SJSU’s Reed Magazine Wins Pushcart Award
BELT HOLDER: The poem “The Father’s Belt” by 2021 Pushcart Prize winner Kurt Luchs appeared in issue 153 of Reed magazine.
The key to long term survival is constant renewal. At Reed Magazine, California’s oldest literary journal, mutability has maintained publication for 150 years, with a rotating editorial team of diverse backgrounds, educational backgrounds, literary tastes, and even feelings for the magazine.
“I don’t spend time thinking about Reed’s legacy,” admits Anne Cheilek, the magazine’s poetry editor, seconds before editor Ryan H. Smith said: inside.
Having both perspectives keeps the journal content up to date while staying true to its roots. It also propelled the journal to new levels of recognition.
Last June, Reed won his first Pushcart Prize, a national award for small presses considered “America’s most honored literary project.” The poem selected was “Father’s Belt,” an intense and emotionally complex work by ancient Onion and McSweeny writer Kurt Luchs.
“The Father’s Belt” appeared in issue 153 of Reed. Released near the start of the COVID-19 lockdown, with all of the content chosen in 2019, the number serves as a sort of “time capsule,” Smith explains. Throughout 2019, Reed had renewed his literary pursuits throughout the Bay Area, hosting events with San Francisco’s Litquake and SJSU’s own Legacy of Poetry festival.

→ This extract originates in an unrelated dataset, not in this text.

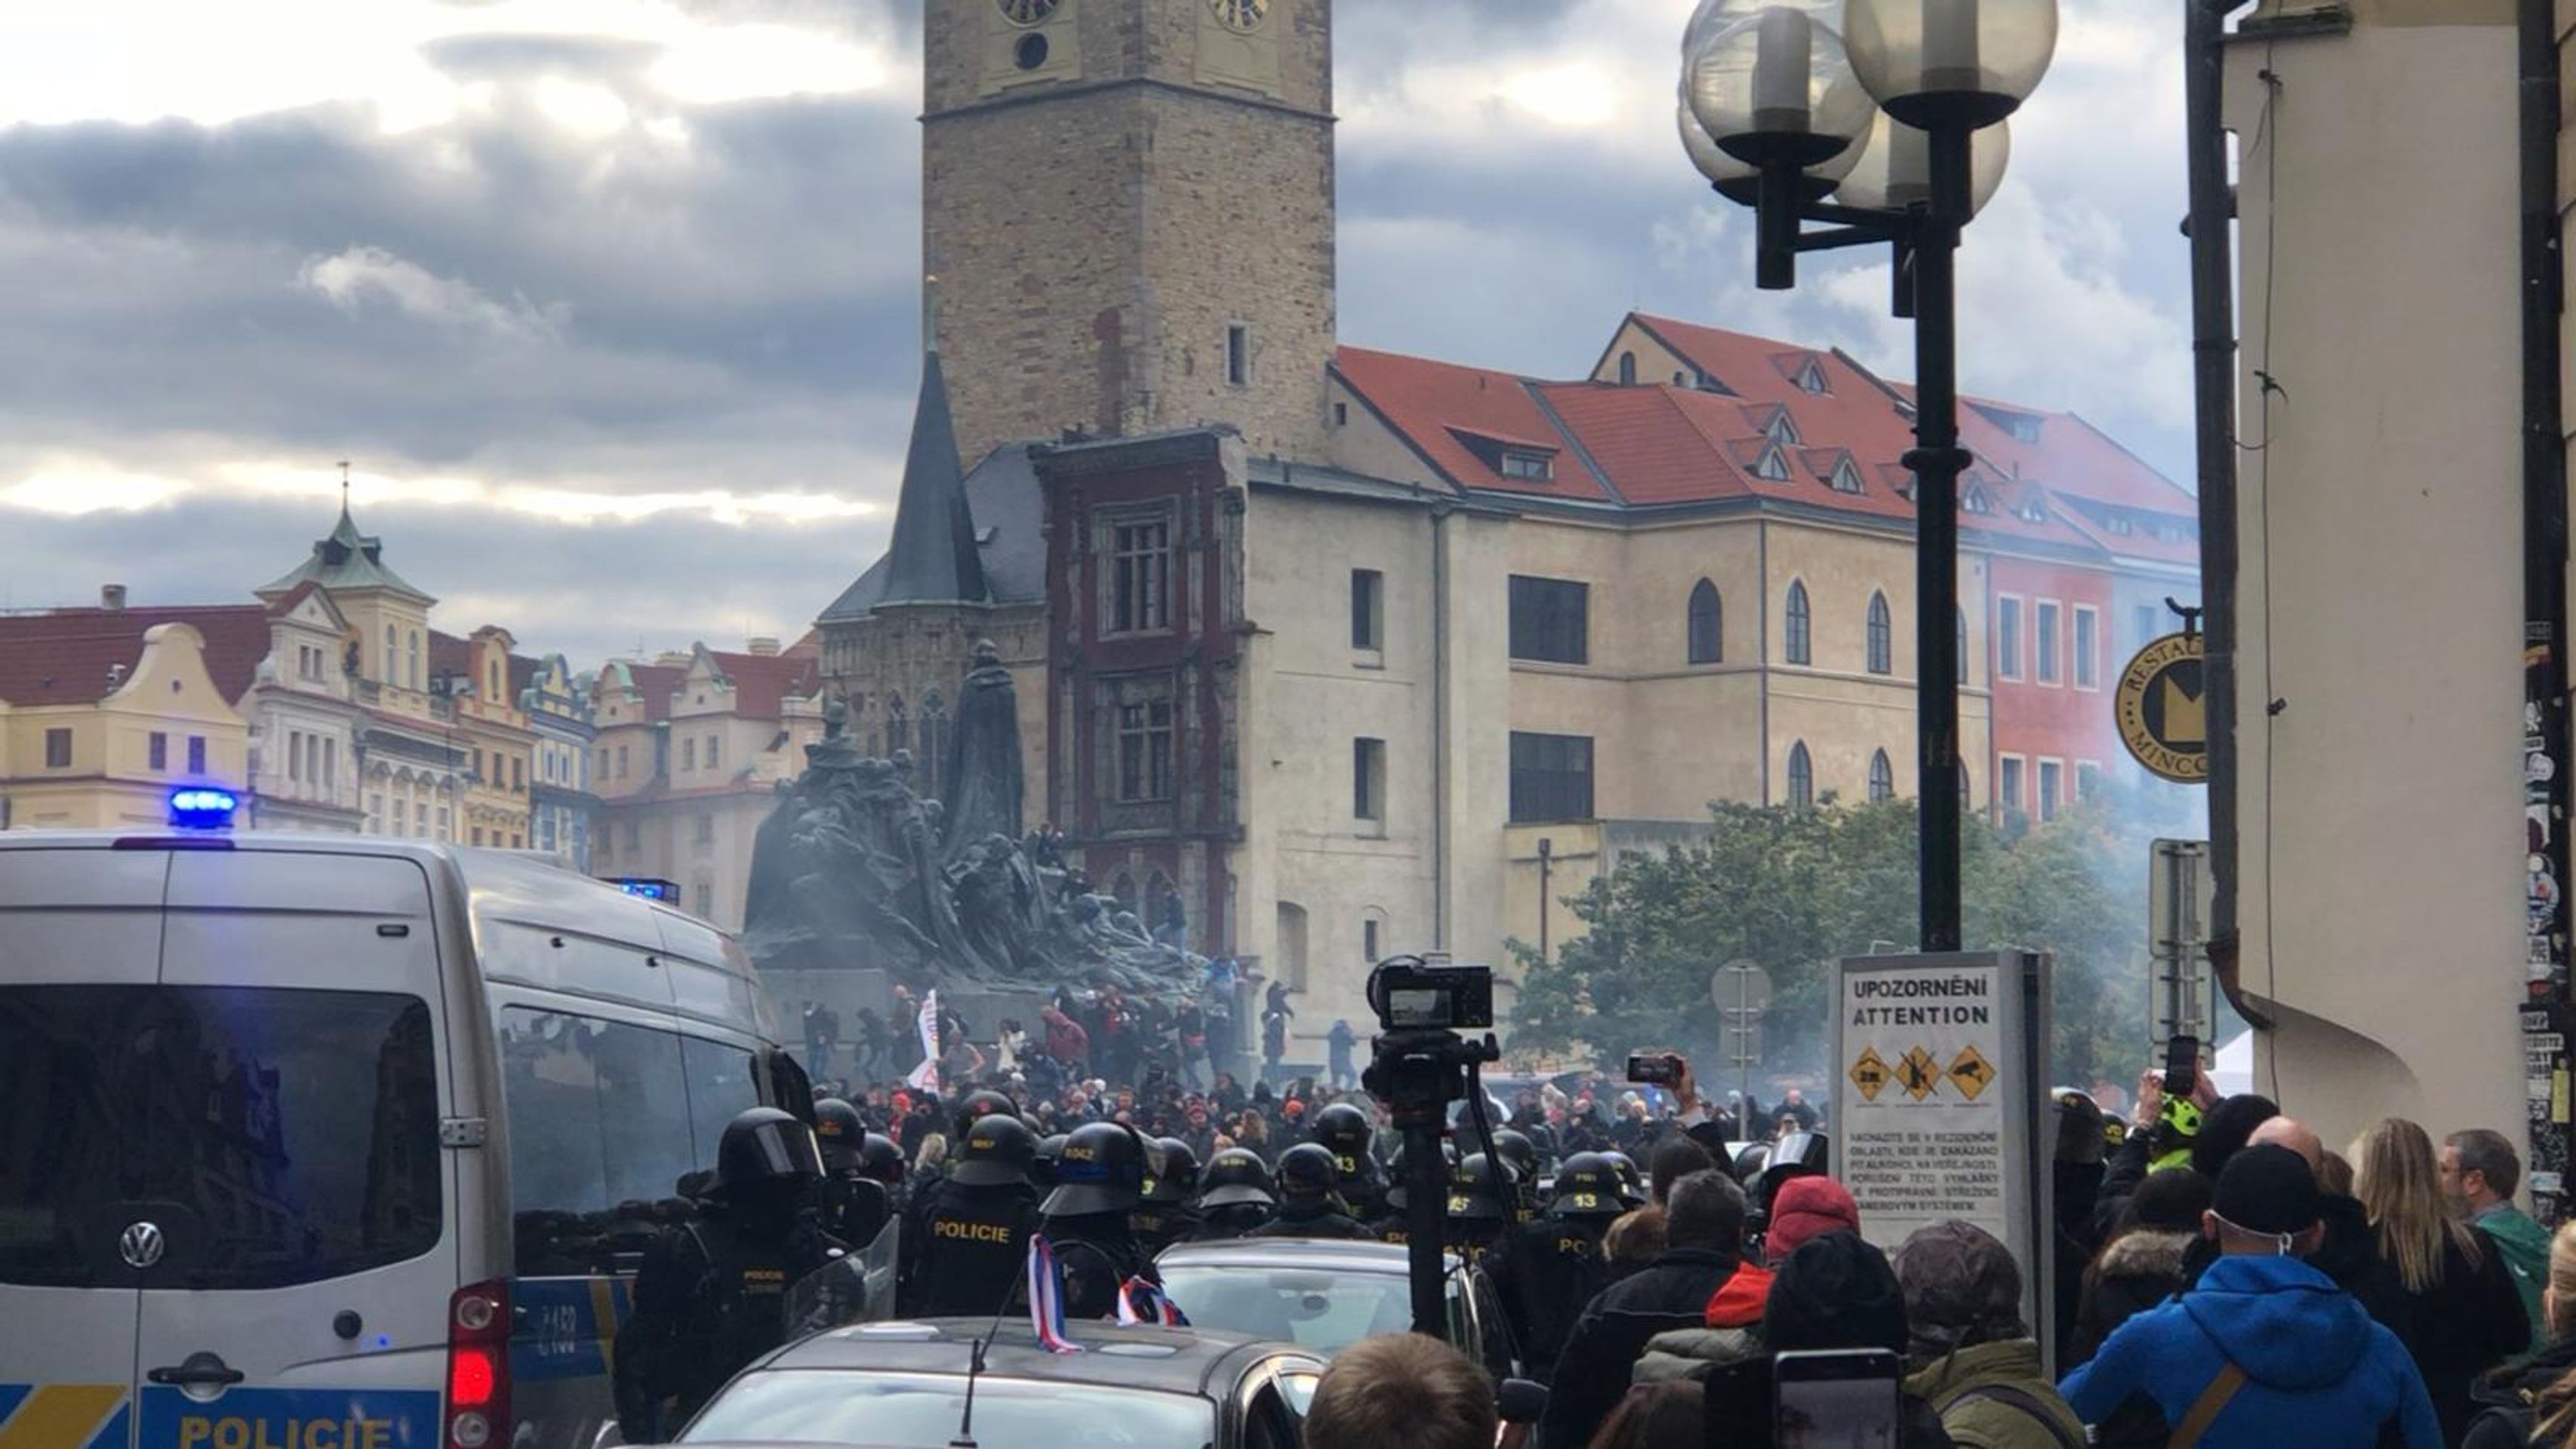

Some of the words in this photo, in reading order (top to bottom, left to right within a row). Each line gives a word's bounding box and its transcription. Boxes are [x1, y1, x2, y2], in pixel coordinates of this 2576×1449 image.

“This Pushcart makes it look like all the hard work is finally paying off,” says Smith.
Celebrating the artists of South Bay also received special attention for the magazine. While the city’s reputation as a cultural little sister can be frustrating, Reed chooses to see it as liberating. The magazine team doesn’t feel tied to any defined aesthetic, like the clean narrative style favored in East Coast publications, or the commitment to the avant-garde like in San Francisco and Oakland.
“People think of San Francisco and they know what San Francisco has,” Smith says. “San Jose, you have to dig a little deeper. We have taken the necessary steps to leave this breadcrumb trail with people that San José truly has this rich and flourishing cultural scene and history.

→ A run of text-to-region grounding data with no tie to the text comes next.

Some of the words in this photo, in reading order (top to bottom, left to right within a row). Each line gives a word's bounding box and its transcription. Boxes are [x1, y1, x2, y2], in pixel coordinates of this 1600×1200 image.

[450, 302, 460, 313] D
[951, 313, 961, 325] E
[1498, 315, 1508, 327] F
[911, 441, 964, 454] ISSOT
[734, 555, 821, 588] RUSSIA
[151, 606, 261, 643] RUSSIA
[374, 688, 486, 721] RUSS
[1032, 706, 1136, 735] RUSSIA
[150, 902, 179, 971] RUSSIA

Made up of a mix of undergraduate and graduate students, Reed encourages an “eclectic, big tent approach,” says Cheilek. She describes issue 153’s poetry editors as a team “with extremely disparate tastes.”

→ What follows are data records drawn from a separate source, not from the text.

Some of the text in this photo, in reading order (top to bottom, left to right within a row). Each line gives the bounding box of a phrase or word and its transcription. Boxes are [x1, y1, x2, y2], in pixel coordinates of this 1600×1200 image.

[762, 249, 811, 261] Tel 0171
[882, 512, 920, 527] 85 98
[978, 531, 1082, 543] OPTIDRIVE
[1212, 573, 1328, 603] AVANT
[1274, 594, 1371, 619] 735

“I had two members who agreed on next to nothing and I paired them up a lot,” she says.
The award-winning poem itself was unusual “in that everyone agreed that it was really exciting, but expressed reluctance to publish it because it seemed like it was pushing too many limits – that it could trigger people and maybe be overwhelming ”.
“The Father’s Belt” carries some risk, playing the role of a monologue from the point of view of the titular belt, spoken to children whom the reader may assume to be the author and his siblings, detailing his personal relationship with their father as a tool of punishment.
Abuse is far from a rare theme in poetry, but the play treats the subject in a complicated way. Luchs avoids tragic or heartbreaking language – this is not a tale of “correct” abuse of the way the culture expects a survivor to tell their own stories. Instead, the poem apprehensively invokes humor, love, even sensuality.
“Then suddenly I hiss / in the air, my flesh meets yours / in a mad rush, and there is joy in the sky, my ecstasy cannot be contained.”
The pandemic took with it secondary, more insidious scourges: a wave of relapses and overdoses, partners and family members trapped in damaging situations by security and resource mechanisms. Although “Father’s Belt” is personal, it alludes to the isolation that drives human beings towards darker loves, ending with: “Do you realize, other than him / you are the only ones could I ever touch?
Our culture is undergoing a major shift in the way we deal with and discuss pain, and with that comes changes in art and language. In the work they choose to highlight and associate, reviews and awards have the power to provide insight into our place and time, even its uncomfortable parts. In their upcoming issues, Reed says they aim to capture this era with honesty, wit, and tenderness.
“Reed is not afraid to publish strong, powerful and controversial work,” Cheilek says. “I think 154 will draw several underlines under this point.”